Arthur Zalewski: Notes on Beijing

03 May – 15 June, 2014

03 May, 11 am – 9 pm
04 May, 11 am – 6 pm

07 June, 6 pm
artist talk: Barbara Steiner in conversation with Arthur Zalewski

An error in transmission

To know China is an illusion: no one can subsume 1.3 billion people under a single political or cultural dictum. Arthur Zalewski’s Notes on Beijing (2013/14) shows people and places without specific geographic attributes at the outset, which do not manifest any explicit cultural identity. Only on second glance do we begin to recognise streets, buildings and places that are of central significance to Beijing: the Supreme Court of the People’s Republic of China, the Foreign Legation Quarter, the National Museum or the old Summer Palace. History and culture, tradition and current politics constitute these sites.

However, such representative functions are of no concern in Notes on Beijing, the focus is on the intersection of everyday events and historical context. Everyday life, beyond the spheres of politics, culture and history, as presented here, appears to be the same everywhere. The pictures show us a world that we seem to know. But what is our reference? While Arthur Zalewski makes use of established photographic formats and genres, shooting series, sequences and individual images, the pictures do not settle for a common narrative. The notes remain incomplete. The fragments reflect the reality of life and the experience of the artist on site: no coherent image of the city, the people or even the country can be extracted.

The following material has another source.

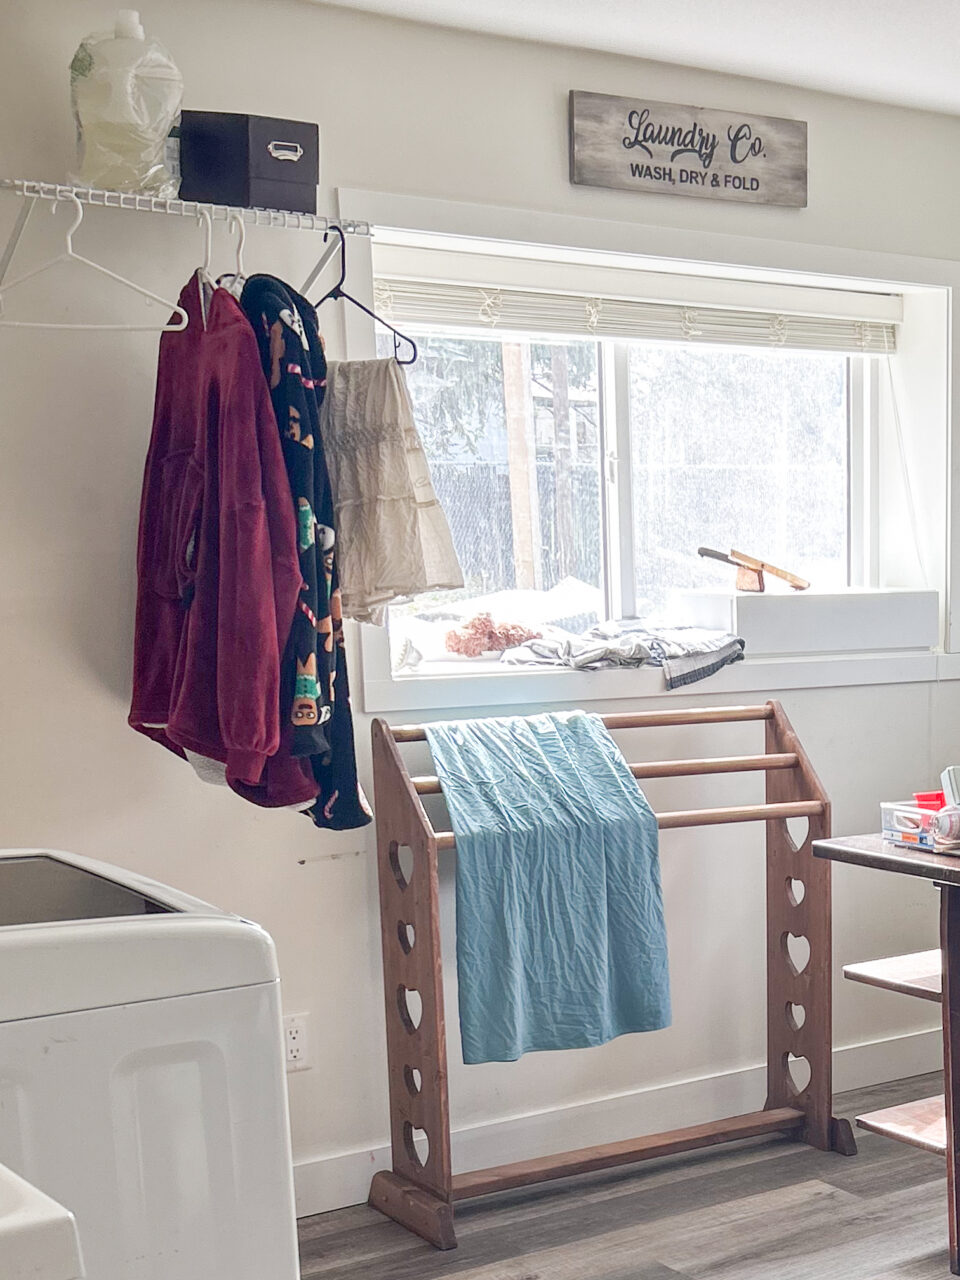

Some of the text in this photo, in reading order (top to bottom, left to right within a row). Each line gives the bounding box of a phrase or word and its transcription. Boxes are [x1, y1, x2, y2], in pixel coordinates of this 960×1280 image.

It is hard to avoid clichés about China. Too many images exist and we are accustomed to too many presumptions. In China, local and Western culture interact continuously. Ways of dress and fashions may seem familiar, but then again traditional forms become more clearly apparent or we gain a sense of political repression. The strange is revoked by familiar gestures and appearances. An error in transmission. For the cultural and social specifics are constantly present. Anytime you believe to have understood something you are bound to be disappointed or irritated. That which we see is at the same time that which we do not see.